■ **What needs to be done**
An exact reproduction of the entries is needed. Keep all pictures out of it.

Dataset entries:
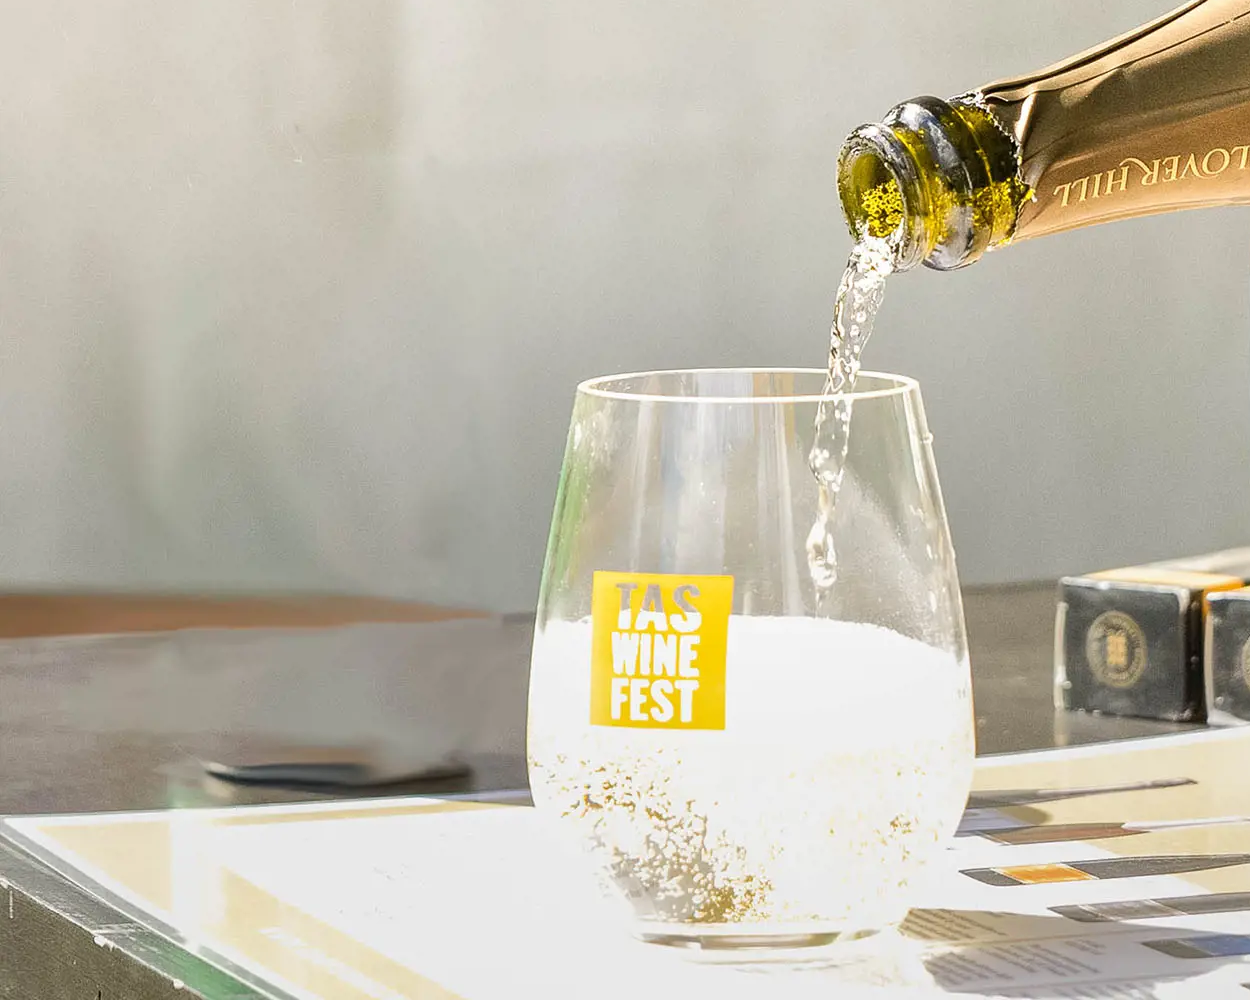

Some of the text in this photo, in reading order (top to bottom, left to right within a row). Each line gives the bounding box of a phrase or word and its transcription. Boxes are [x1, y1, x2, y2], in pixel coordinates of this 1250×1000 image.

[1053, 166, 1130, 208] HILL
[615, 582, 702, 633] TAS
[611, 631, 701, 677] WINE
[611, 677, 700, 722] FEST

■ **Your solution**
Some of the text in this photo, in reading order (top to bottom, left to right within a row). Each line gives the bounding box of a phrase or word and its transcription. Boxes are [x1, y1, x2, y2], in pixel coordinates of this 1250×1000 image.

[1053, 166, 1130, 208] HILL
[615, 582, 702, 633] TAS
[611, 631, 701, 677] WINE
[611, 677, 700, 722] FEST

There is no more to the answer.